Design a stellar system that is internally consistent with basic orbital and thermal physics. Keep outputs clear, structured, and reusable for downstream lore or simulation work.

Workflow

1. Define the central star and its primary constraints.
2. Establish orbital architecture and stability rules.
3. Map thermal zones and energy flows.
4. Assign plausible planetary compositions by orbital region.
5. Produce a final system sheet using the output template.

1) Stellar Core Logic

The star is the primary gravitational and thermal driver.

• Choose classification (for example, M-class dwarf or G-class main sequence).
• Estimate luminosity/flux behavior across AU distances.
• Note stellar wind and magnetosphere pressure to inform atmospheric stripping and auroral intensity.
• Identify the likely habitable zone and rough frost line.

2) Orbital Mechanics And Stability

All major bodies must satisfy long-term stability assumptions.

• Compute or estimate the tidal locking radius from stellar mass.
• Set eccentricity targets:
  • Low (e < 0.01) for stable, near-circular orbits.
  • Higher (e > 0.1) only with explicit perturbation causes (resonance forcing, collisions, shepherd masses).
• Use orbital resonances (for example, 2:1 or 3:2) to justify compact multi-body systems.

3) Thermal Gradient And Energy Budget

Model the system as heat flow from source to sink.

• Primary source: stellar radiation.
• Secondary sources: tidal heating, radiogenic decay, residual contraction, or exotic sources if justified.
• Sinks: albedo reflection, atmospheric transport, radiation to space, or other setting-specific sinks.
• Place the frost line where volatile compounds can condense.

4) Planetary Compositional Logic

Tie composition to formation zone and migration history.

• Inner refractory zone: iron, nickel, silicates, dense rocky bodies.
• Outer volatile zone: ices and gas-rich compositions (H2O, CO2, H2, He, N2, CH4, NH3, H2S, PH3, ...).
• Include accretion dynamics: massive shepherd bodies can clear disk gaps and create ring/belt structure.
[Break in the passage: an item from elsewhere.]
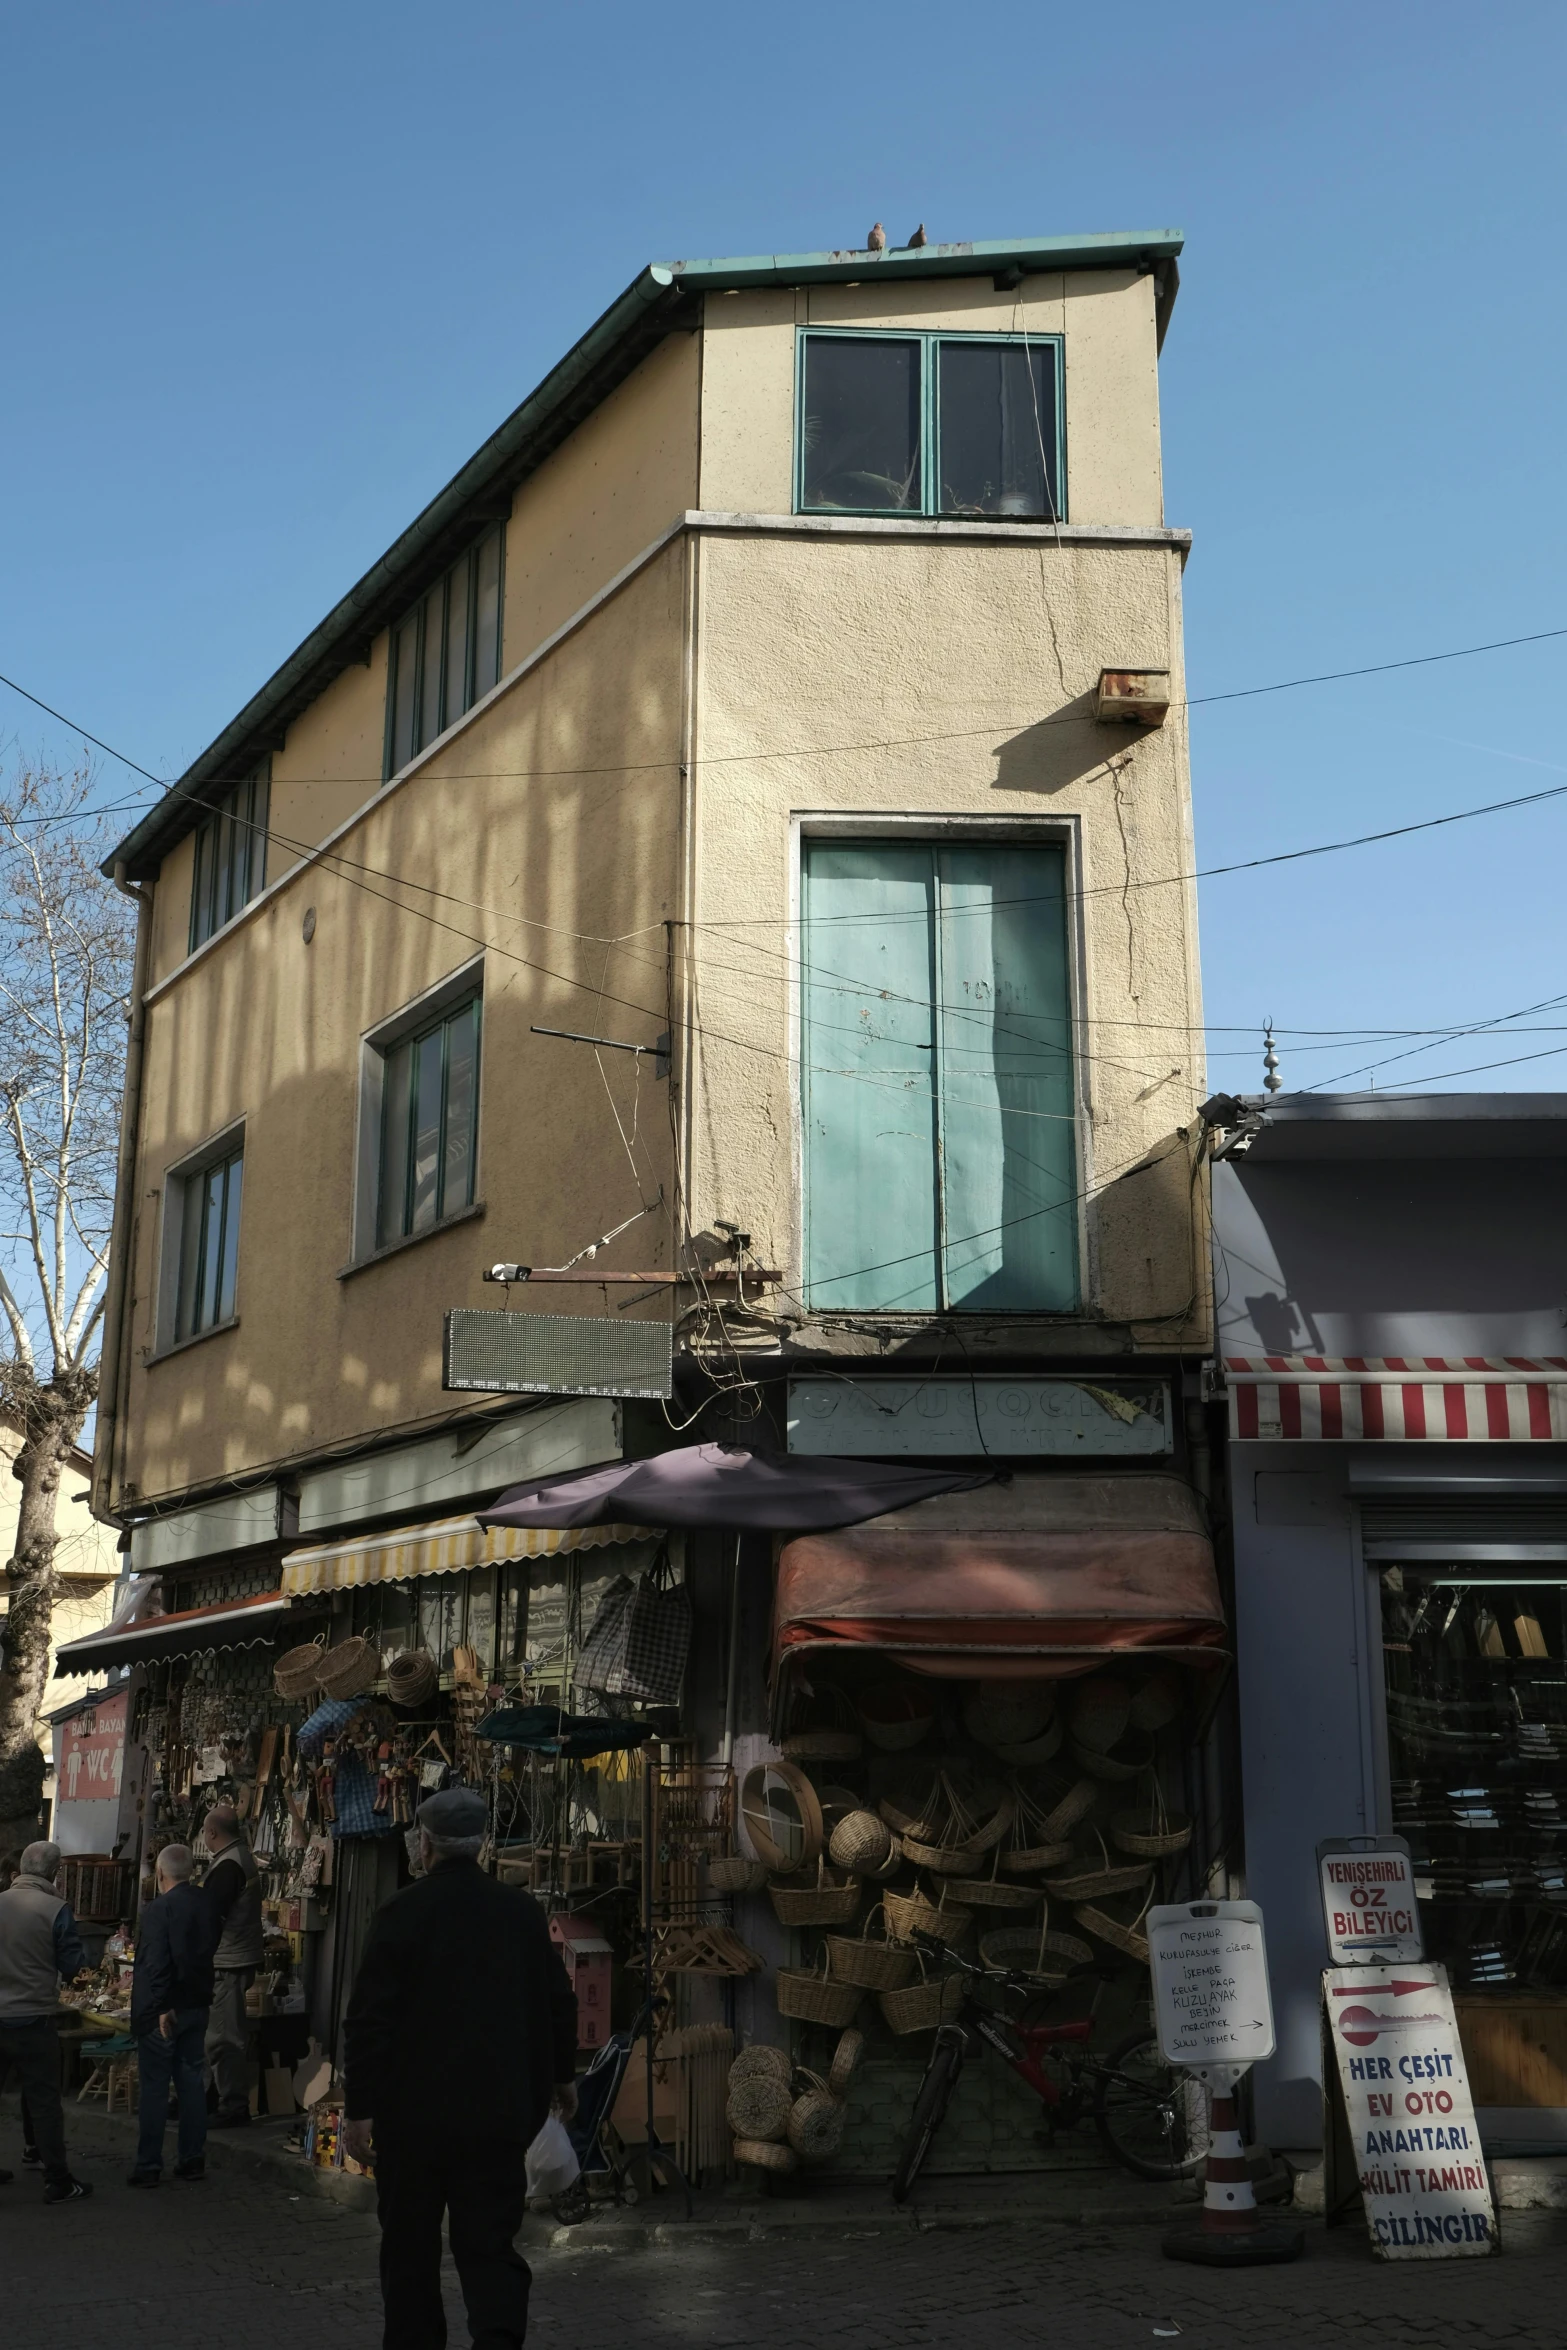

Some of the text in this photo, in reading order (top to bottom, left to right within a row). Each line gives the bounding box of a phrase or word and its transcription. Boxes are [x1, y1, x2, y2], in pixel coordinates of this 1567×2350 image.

5) Triple Observational Standard

For complete mapping, describe system observations from three vantage points:

• Perihelion Watch: high-energy/star-proximal phenomena.
• Median Watch: temperate-zone traffic, intersections, and stable operations.
• Aphelion Watch: deep-system anomalies and boundary dynamics.

Output Template

Use this template for each major body:

### [Object Name]
- **Classification:** (Terrestrial / Metallic / Gas Giant / Ice Giant / Singularity)
- **Mass:** [Value in Earth masses or kg]
- **Diameter (average):** [X] m or km
- **Semi-Major Axis:** [X] AU
- **Orbital Period:** [X] Earth Years
- **Orbital Speed (average):** [X] km/s
- **Eccentricity (e):** [X.XXX]
- **Tidal Status:** (Locked / Resonant / Asynchronous)
- **Rotation Period:** [X] Hours or Days
- **Axial Tilt:** [X] Degrees
- **Surface Gravity:** [X] g
- **Hill Sphere Radius:** [X] km or AU
- **Surface Temperature (average):** [X] K
- **Atmospheric Profile:** [Pressure in bars] / [Chemical composition]
- **Geological Activity:** (Tectonic / Cryovolcanic / Inert)
- **Chemical Composition:** (for example, heavy metals, liquid hydrocarbons, rare isotopes)

Quality Checks

Before finalizing, verify:

• Every body's orbit is physically plausible with the defined star mass.
• Thermal zones match star output and orbital distances.
• Composition matches formation region or clearly documented migration history.
• The final write-up uses consistent units and terminology.